Work to be completed ▸
Your copy of the data should match it exactly, except that the pictures are gone.

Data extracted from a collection
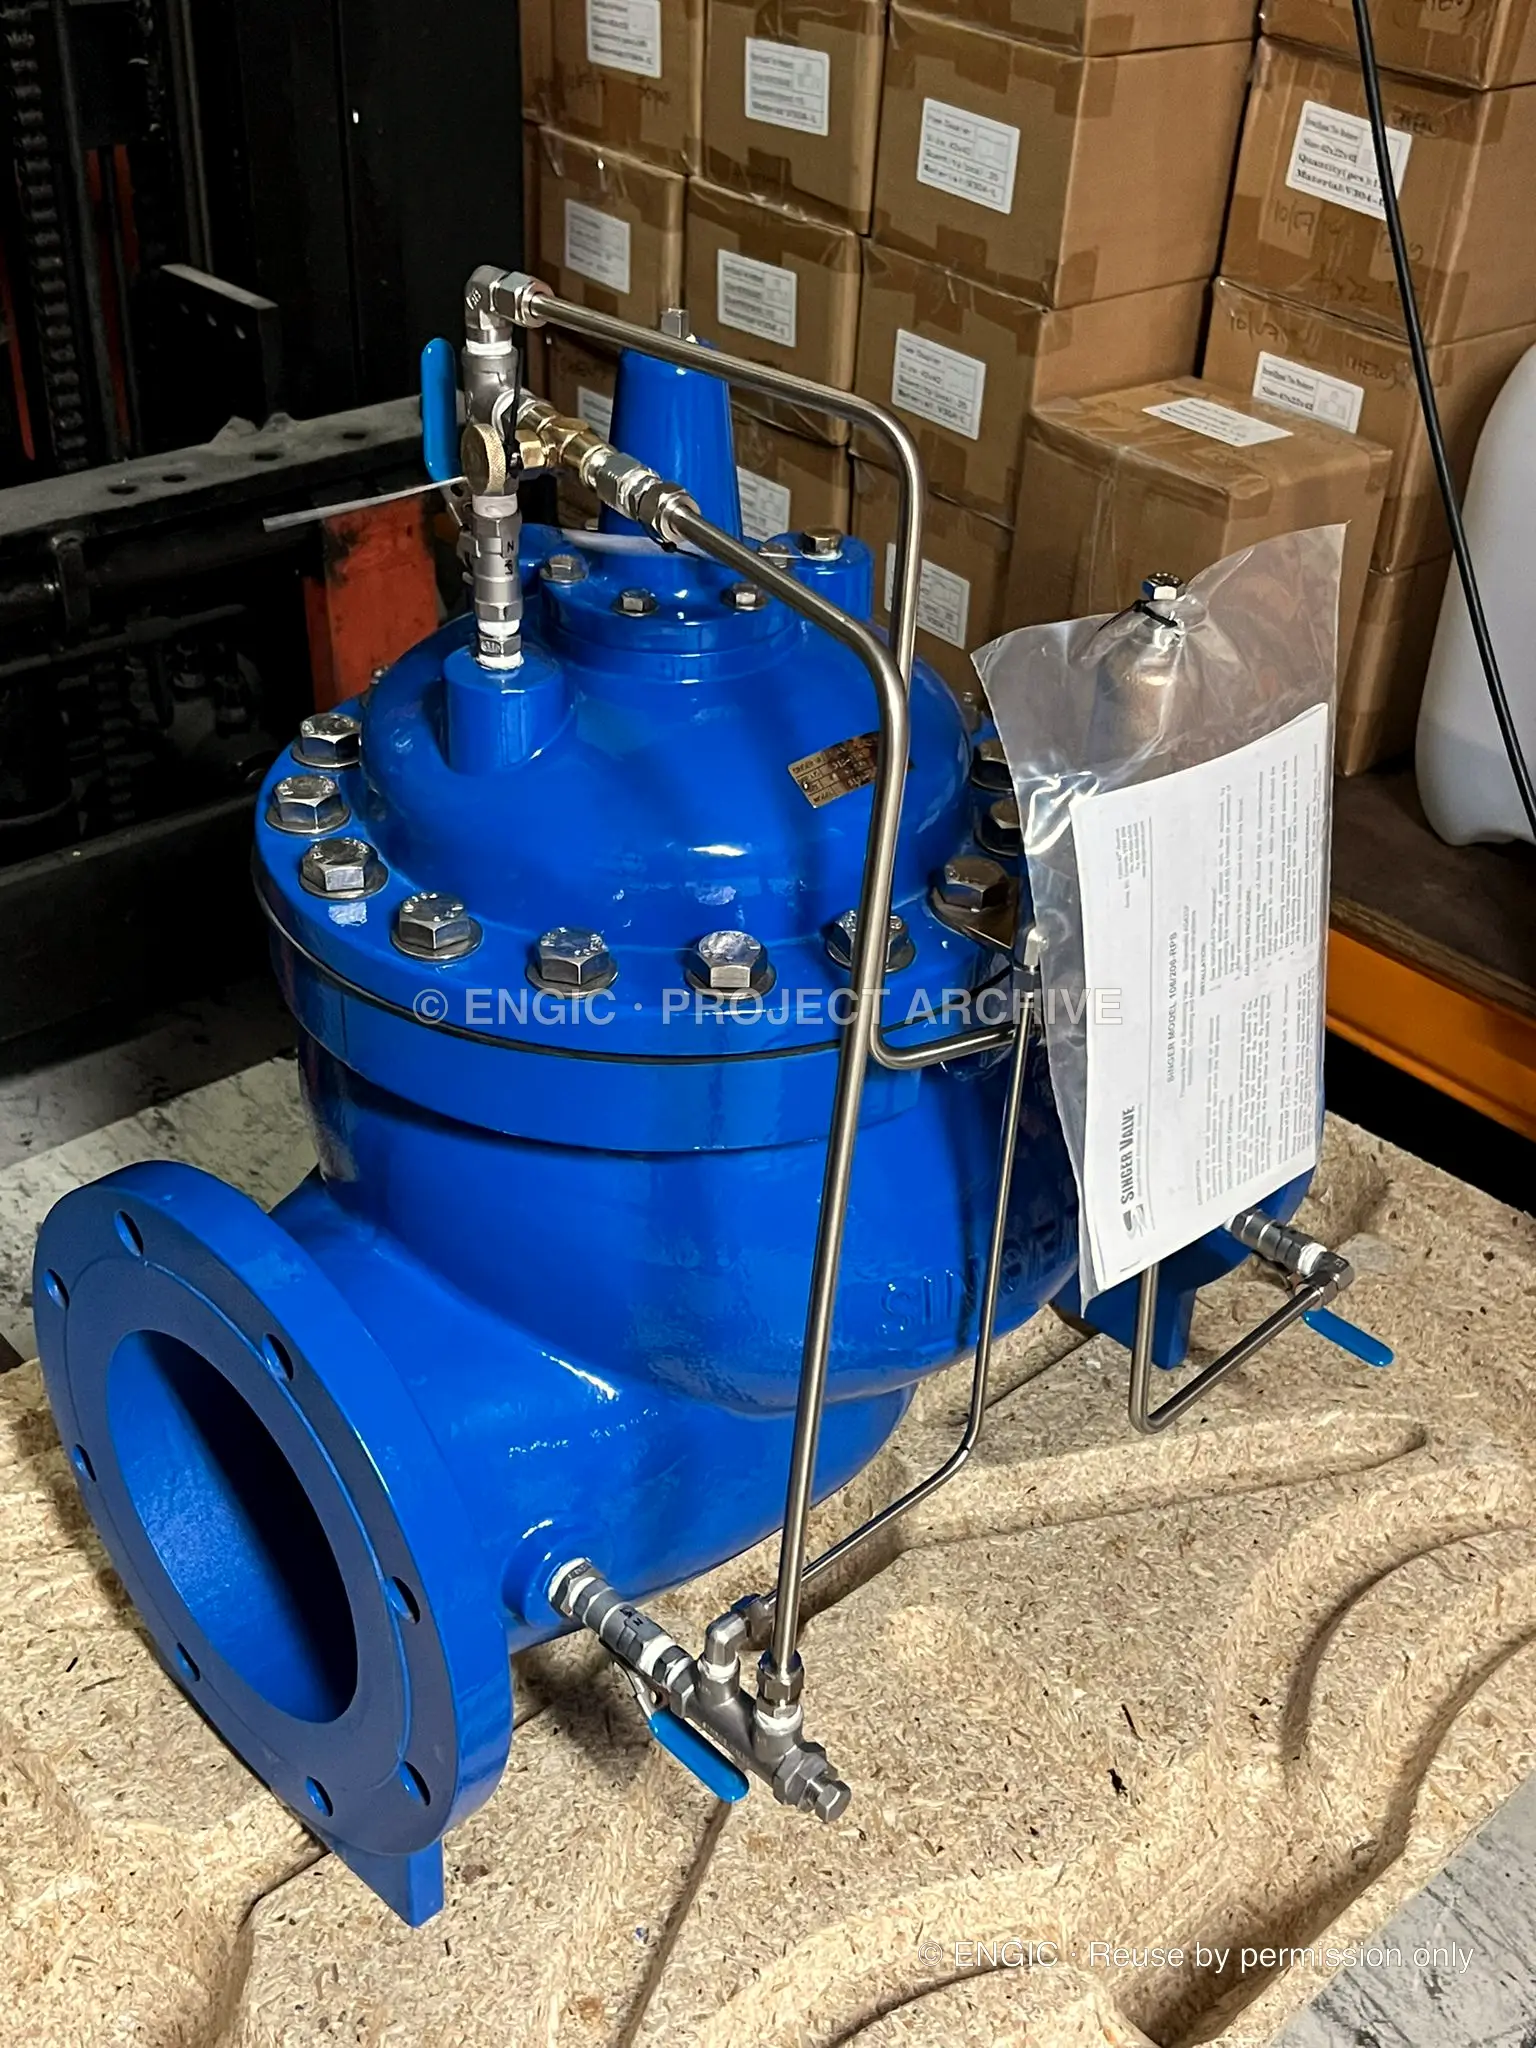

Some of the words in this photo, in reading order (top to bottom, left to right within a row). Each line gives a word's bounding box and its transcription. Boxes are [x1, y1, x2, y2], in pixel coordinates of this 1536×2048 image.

[1167, 1001, 1177, 1040] MODEL
[1166, 1042, 1176, 1083] SINGER
[1119, 1104, 1136, 1152] VALVE
[1120, 1149, 1135, 1206] SINGER
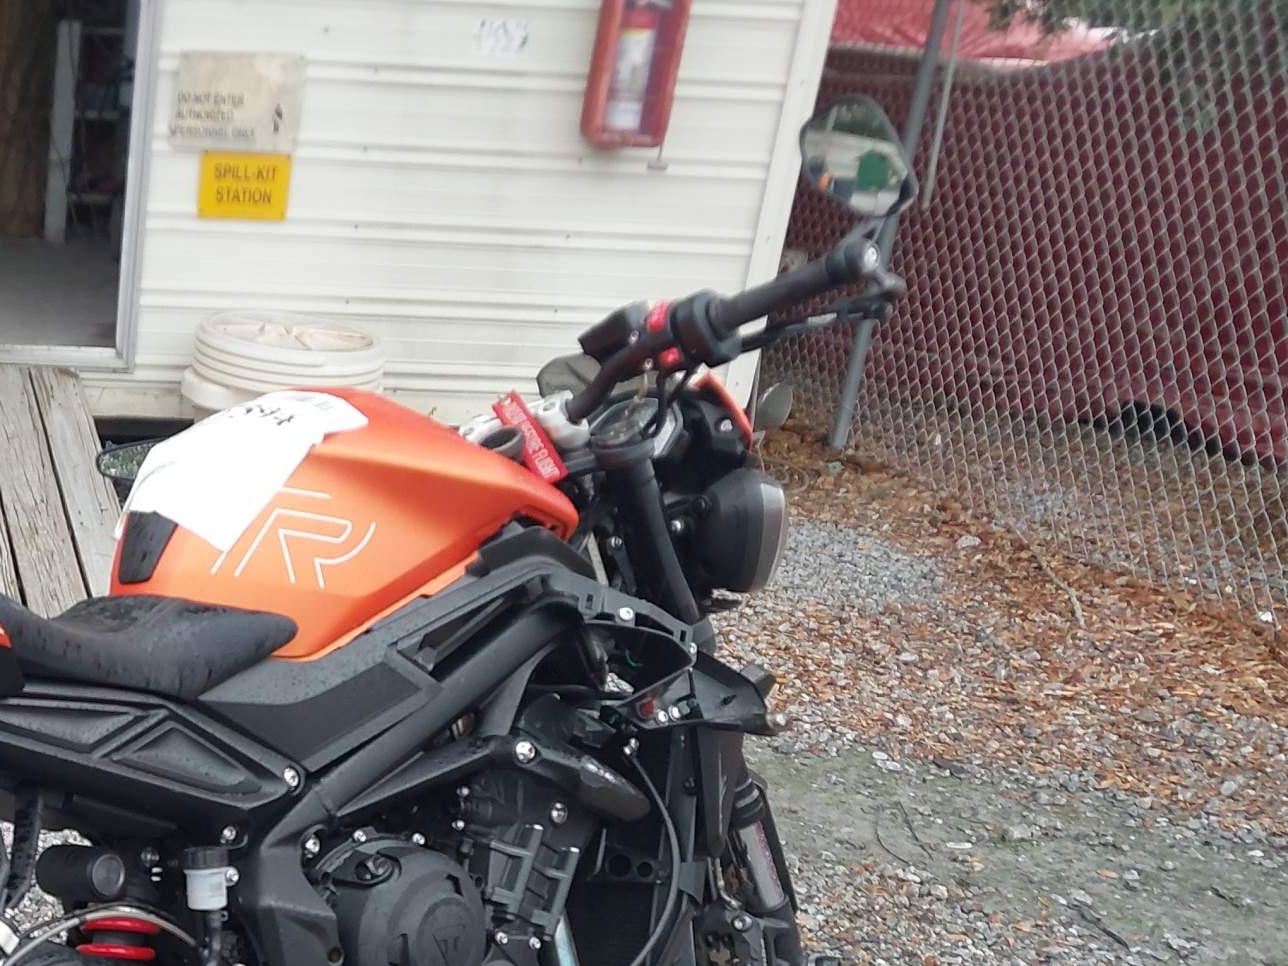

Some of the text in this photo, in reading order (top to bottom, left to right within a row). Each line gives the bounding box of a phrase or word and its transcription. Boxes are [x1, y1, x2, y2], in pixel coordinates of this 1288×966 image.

[193, 91, 211, 104] NOT
[215, 163, 278, 183] SPILL-KIT
[215, 186, 273, 206] STATION
[532, 448, 562, 480] FLIGHT
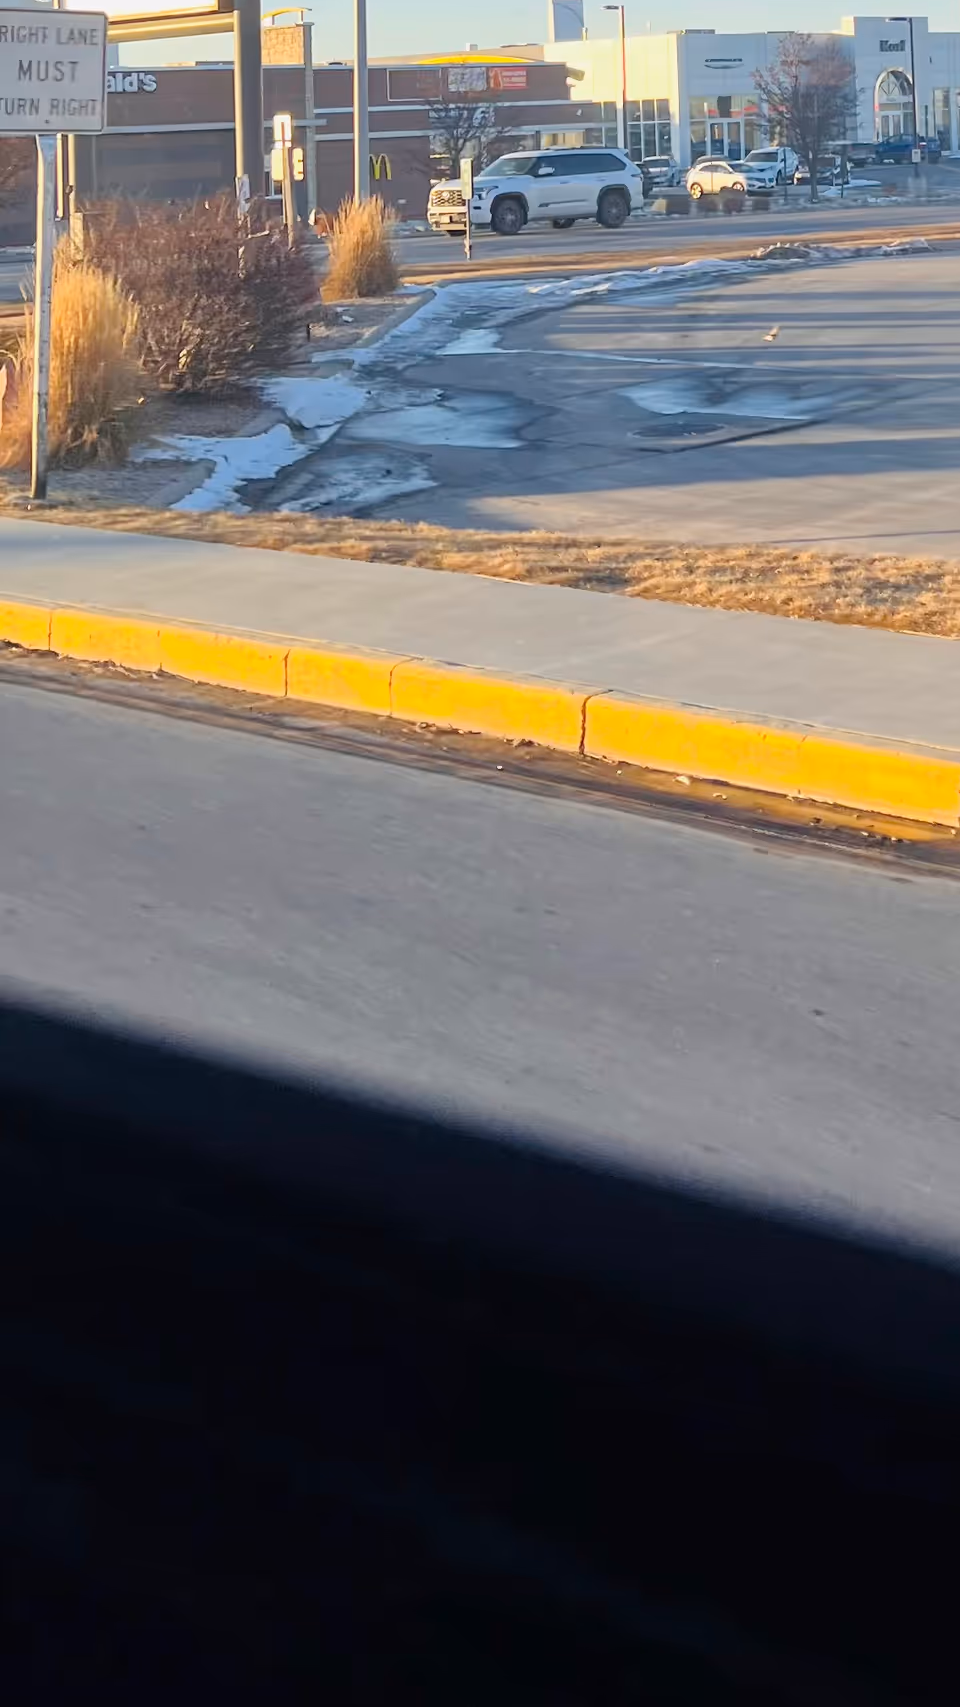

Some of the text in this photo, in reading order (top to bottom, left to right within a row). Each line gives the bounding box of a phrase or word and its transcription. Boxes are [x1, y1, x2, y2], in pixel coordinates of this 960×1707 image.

[0, 25, 98, 45] RIGHT LANE
[18, 59, 79, 82] MUST
[107, 72, 157, 93] ald's
[49, 98, 98, 116] RIGHT
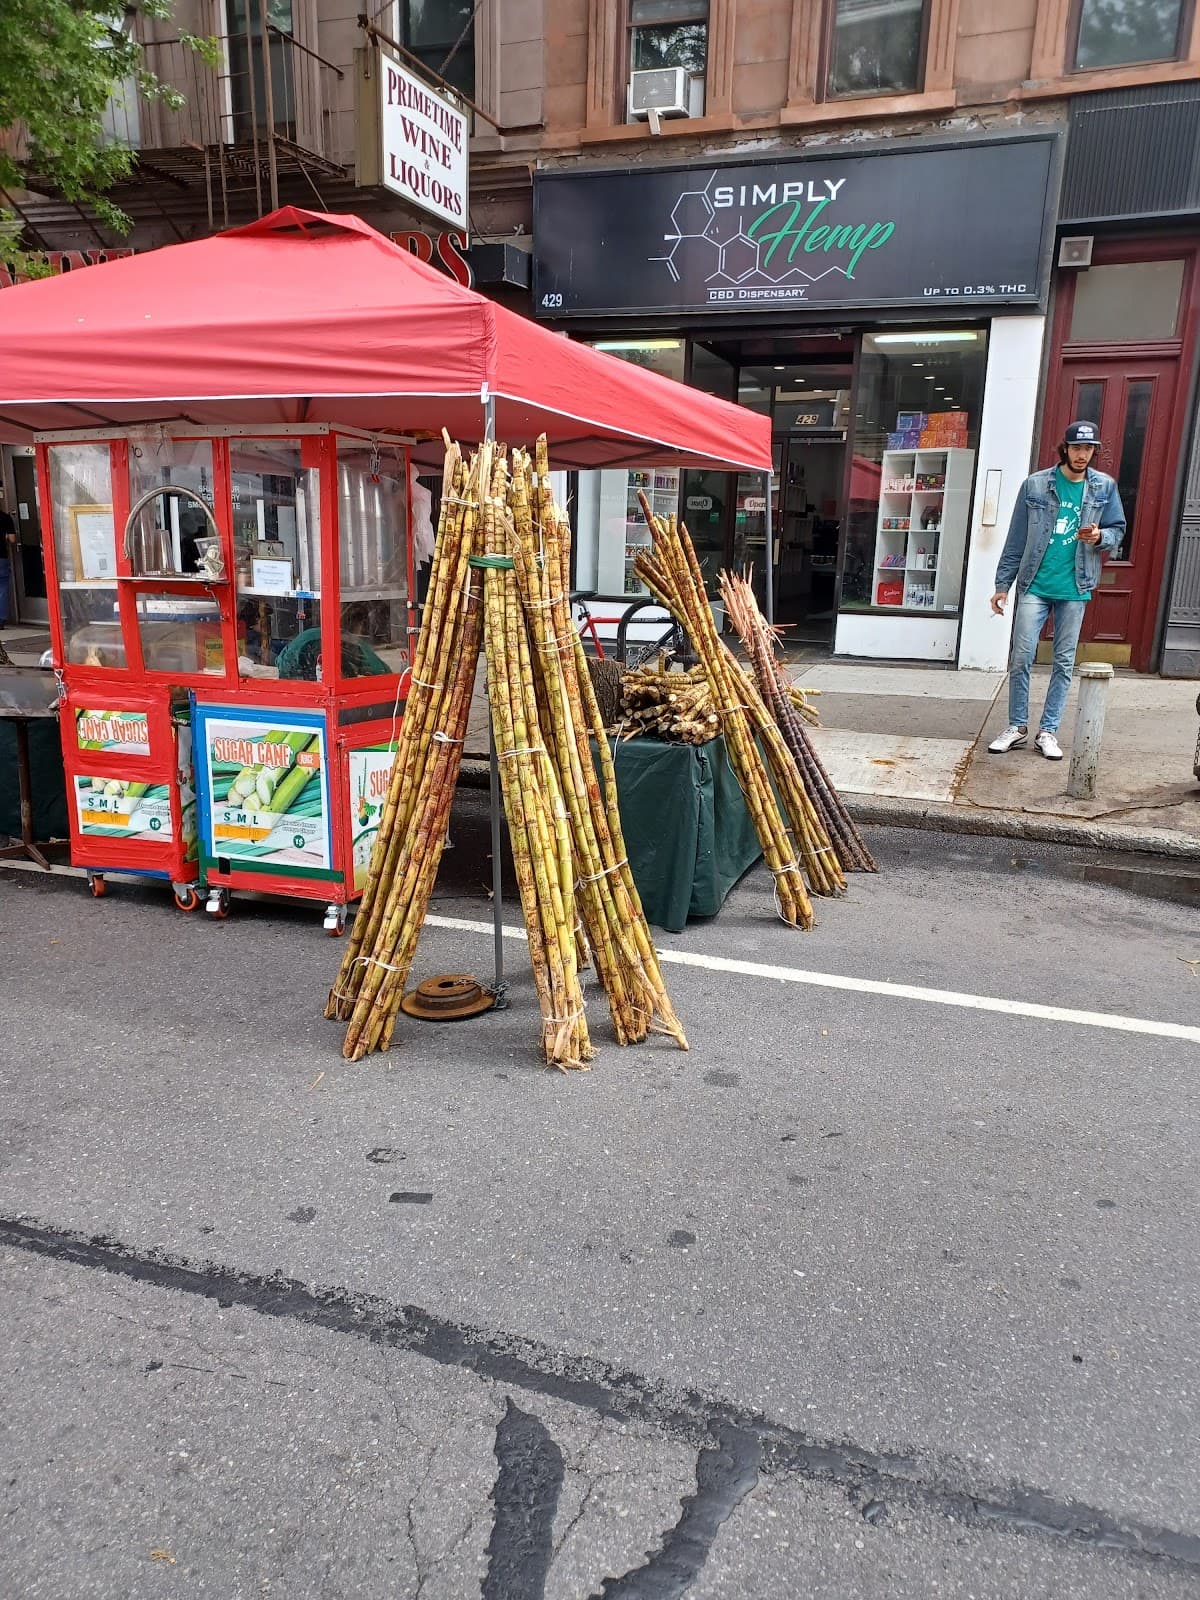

Result ▸
Some of the words in this photo, in reading order (top to bottom, left to right within a row). Each line gives a word's bounding box and its transcription. Boxes are [x1, y1, x2, y2], in pixel coordinates of this 1536×2048 image.

[1167, 1001, 1177, 1040] MODEL
[1166, 1042, 1176, 1083] SINGER
[1119, 1104, 1136, 1152] VALVE
[1120, 1149, 1135, 1206] SINGER

Some of the text in this photo, in reading order (top to bottom, left to right within a row). Each line gives the bounding box of a phrase or word and its transcription. Boxes are [x1, y1, x2, y2], in pixel coordinates of this 1288×966 image.

[193, 91, 211, 104] NOT
[215, 163, 278, 183] SPILL-KIT
[215, 186, 273, 206] STATION
[532, 448, 562, 480] FLIGHT

Some of the text in this photo, in reading order (top to bottom, left to right within a row). Each line gives the bounding box of a phrase or word and its transcription. Boxes are [x1, y1, x2, y2], in pixel coordinates of this 960×1707 image.

[0, 25, 98, 45] RIGHT LANE
[18, 59, 79, 82] MUST
[107, 72, 157, 93] ald's
[49, 98, 98, 116] RIGHT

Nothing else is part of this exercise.